21 responses to “Narcissism – Those We Should Not Trust

  1. I had a friendship with a narcissist once. He never admitted fault for anything, and frequently insulted me. It is important to recognize that not everything narcissistic people say is true.

    Speak the truth in love, not with hate or contempt.

  2. This resonates so strongly with me, my mom has never been a safe place for me to be vulnerable. These are very accurate.

  3. Invaluable information Anna. I will definitely check out Cynthia’s blog.

  4. Outstanding article. Thank you for publishing.

  5. Excellent article, dear Anna, and very timely. Thank you for finding and sharing it!

  6. This is such good information. Thank you for sharing it.

  7. A Very good share from Your side, my Dear Anna! The world is So full of these N people. So Many in authority; Teachers, Priests, Counsellors, politicos. …Those affected should learn to become Wise. …Love and Regards.

  8. exnarclover

    I thought writing here would be good on my journey to healing. Rather than hate or focus on revenge, I would like to help prevent another innocent person from entering a relationship that will destroy them.

  9. Alfiano Fong

    Well said. Narcissists are fakes. They are extremely toxic and manipulative.

  10. What about email communication with long-distance family member who may very well be a narcissist? I wish someone would do a youtube video addressing this.

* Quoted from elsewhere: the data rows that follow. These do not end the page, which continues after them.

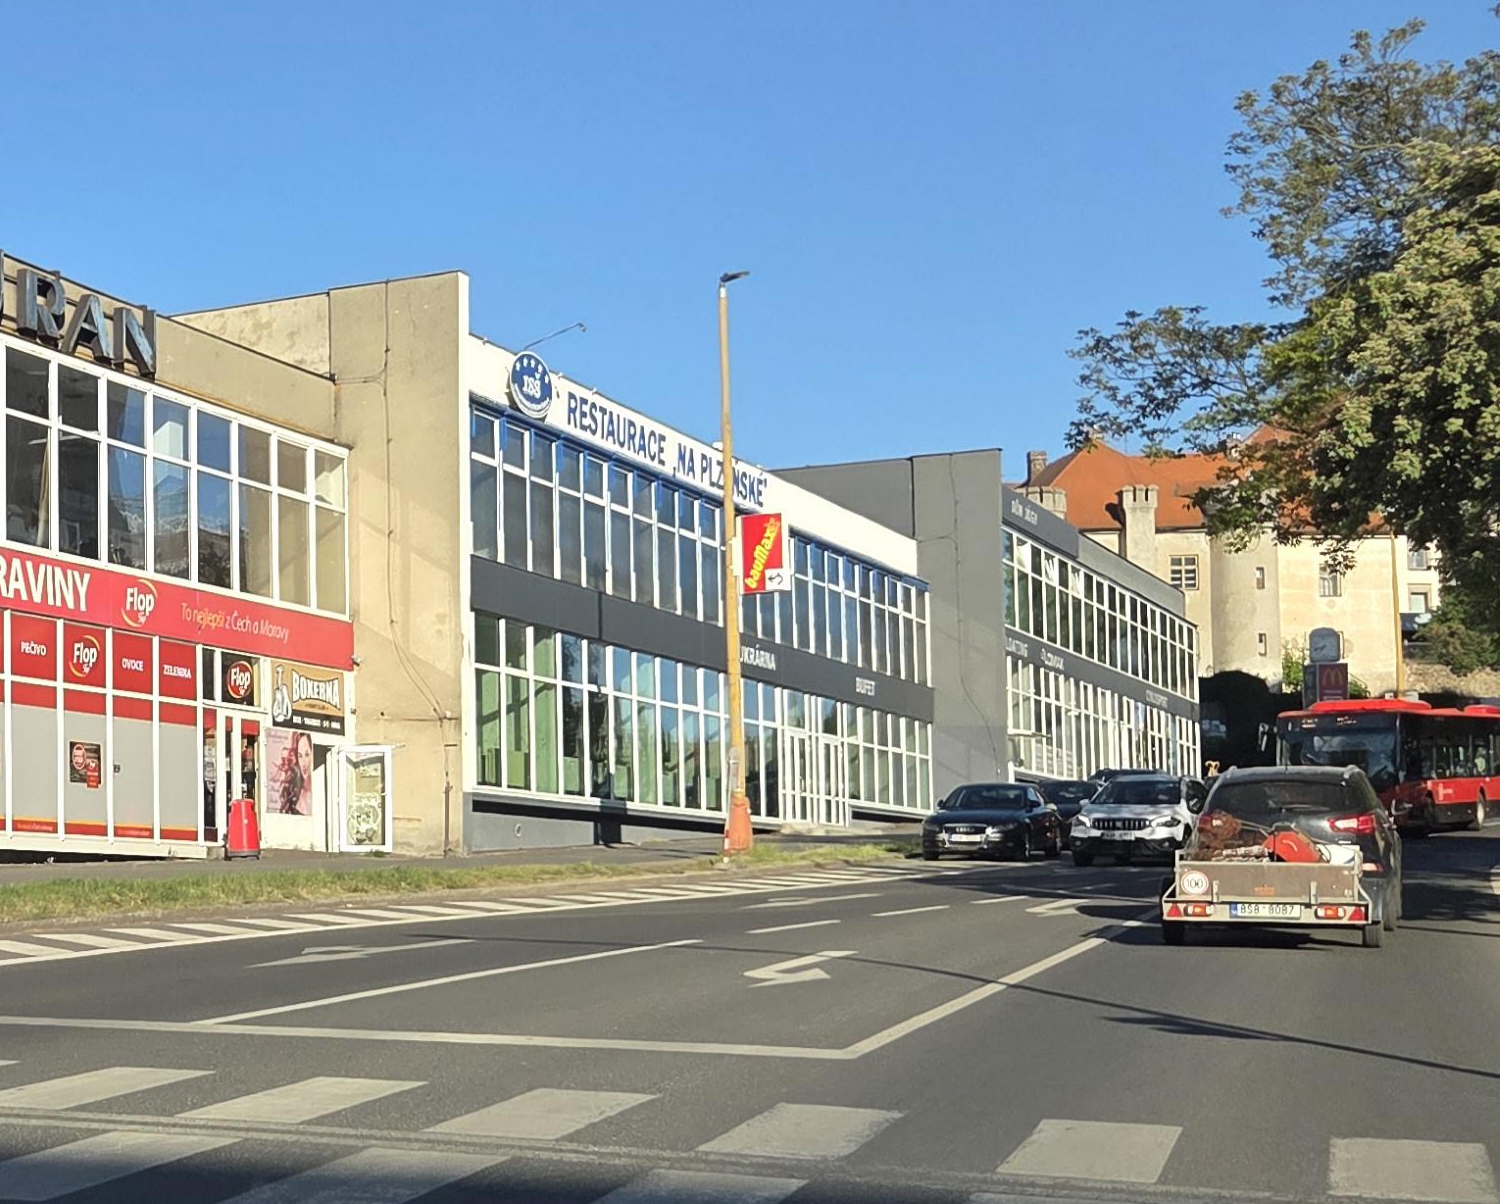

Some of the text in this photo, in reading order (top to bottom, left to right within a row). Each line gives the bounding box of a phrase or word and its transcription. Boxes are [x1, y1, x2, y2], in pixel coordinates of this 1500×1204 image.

[567, 391, 667, 467] RESTAURACE
[126, 587, 155, 617] Flop
[181, 602, 191, 621] To
[193, 606, 225, 630] nejlepší
[231, 610, 251, 633] Čech
[253, 622, 259, 633] a
[260, 620, 289, 644] Moravy
[20, 641, 47, 656] PEČIVO
[73, 642, 98, 669] Flop
[121, 658, 144, 672] OVOCE
[231, 669, 251, 691] Flop
[291, 668, 341, 711] BOXERNA
[1186, 877, 1204, 890] 100

    Imagine writing an email to “the narcissist” and when you get your email reply:
    1. 60% of what you asked or brought up in your email is completely ignored. Totally! Absolutely UN-addressed, as if you never wrote it…..or—

    2. Your response is a 4 or 5 word one sentence “robot” answer….or—-

    3. The reply is some off-topic side issue you never even mentioned and you find yourself asking what on earth does this have anything to do, with what I was talking about?!?…or

    4, Your original comments/email is minimized or ridiculed as rediculous and then the narcissist goes on to “educate” you with some snobbish “I-know-better” type of reply.
    This happens! So i have decided to stop communicating by email with that person, but still allow communication by PHONE. In email, the narcissist will argue tooth-m-nail as if they are determined to prove you wrong—BUT—-as soon as you have a point they cant disprove, THEN all of a sudden they want to “take the high ground” and they then say “well, we could analyze it to death but i dont want to argue anymore”. How slick. They didnt mind ONE BIT when they thought they had the upper hand or were “winning”.

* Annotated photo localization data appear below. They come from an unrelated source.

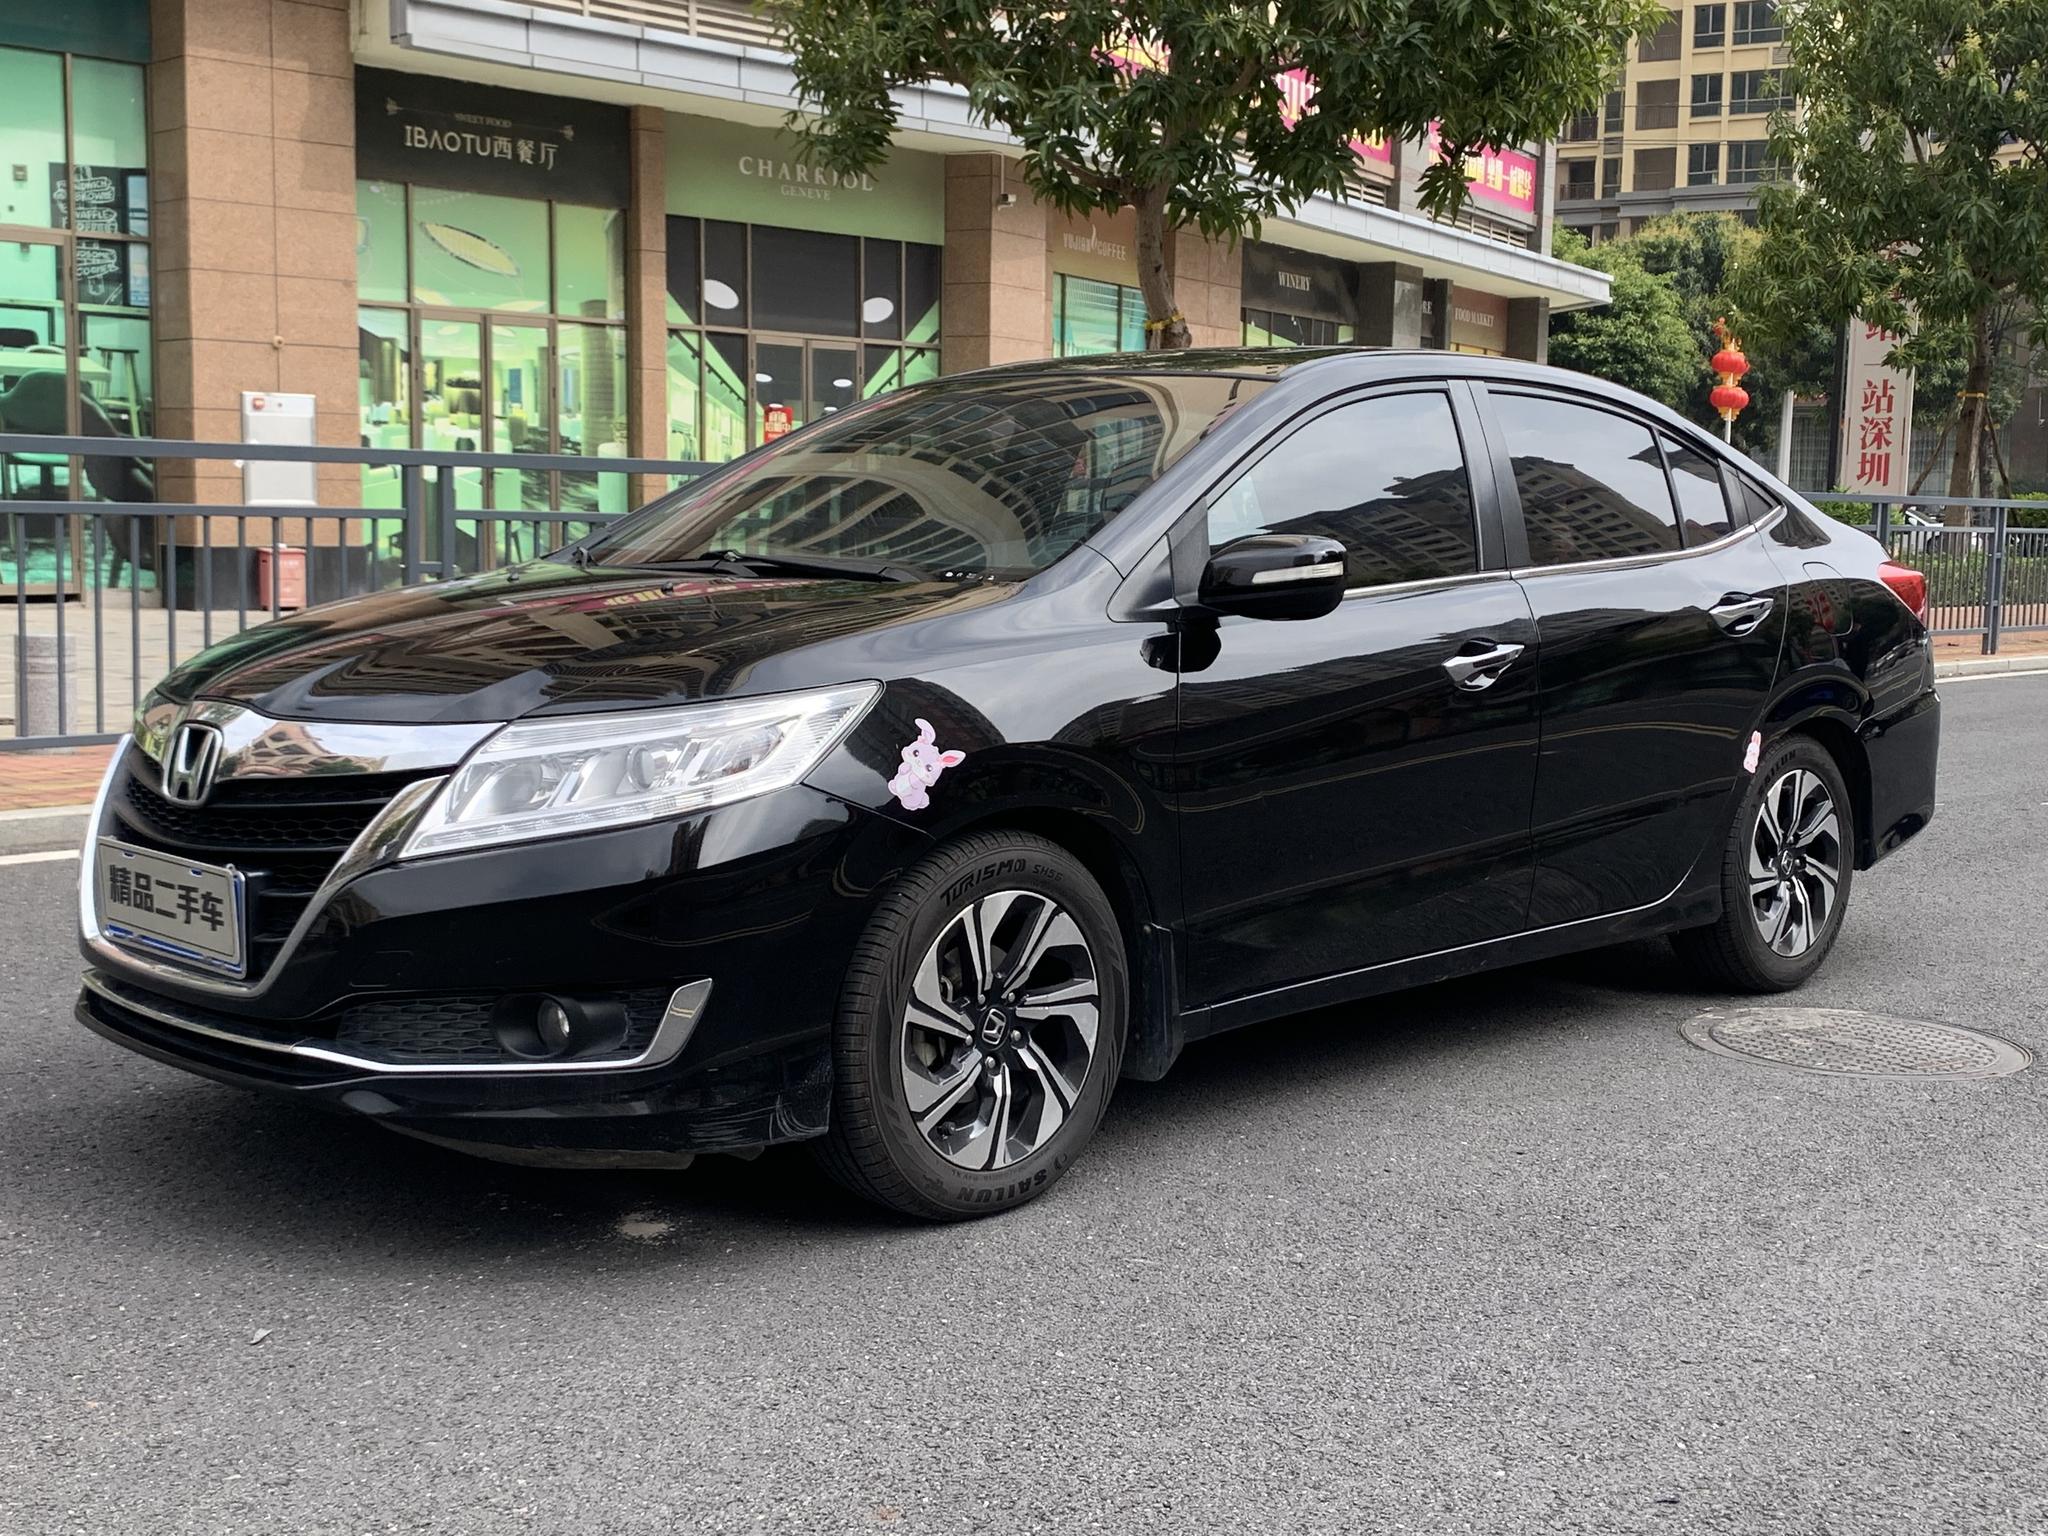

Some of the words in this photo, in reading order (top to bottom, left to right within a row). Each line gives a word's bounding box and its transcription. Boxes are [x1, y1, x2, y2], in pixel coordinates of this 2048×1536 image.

[1279, 271, 1311, 291] WINERY
[1455, 307, 1470, 322] FOOD
[110, 865, 225, 932] 精品二手车
[940, 858, 1026, 906] TURISMO
[956, 1169, 1048, 1204] SAILUN

    But the big thing is the simple NOT responding AT ALL to about 60% of what was said in the original email. Do they really read it? ASk 10 people—how would most of them feel, if they got email responses like those? I wish Dr. Les Carter would address this. His youtube videos are awesome!

  11. Francisco Bravo Cabrera

    Great post! I quite agree…very valuable information. Thank you so much!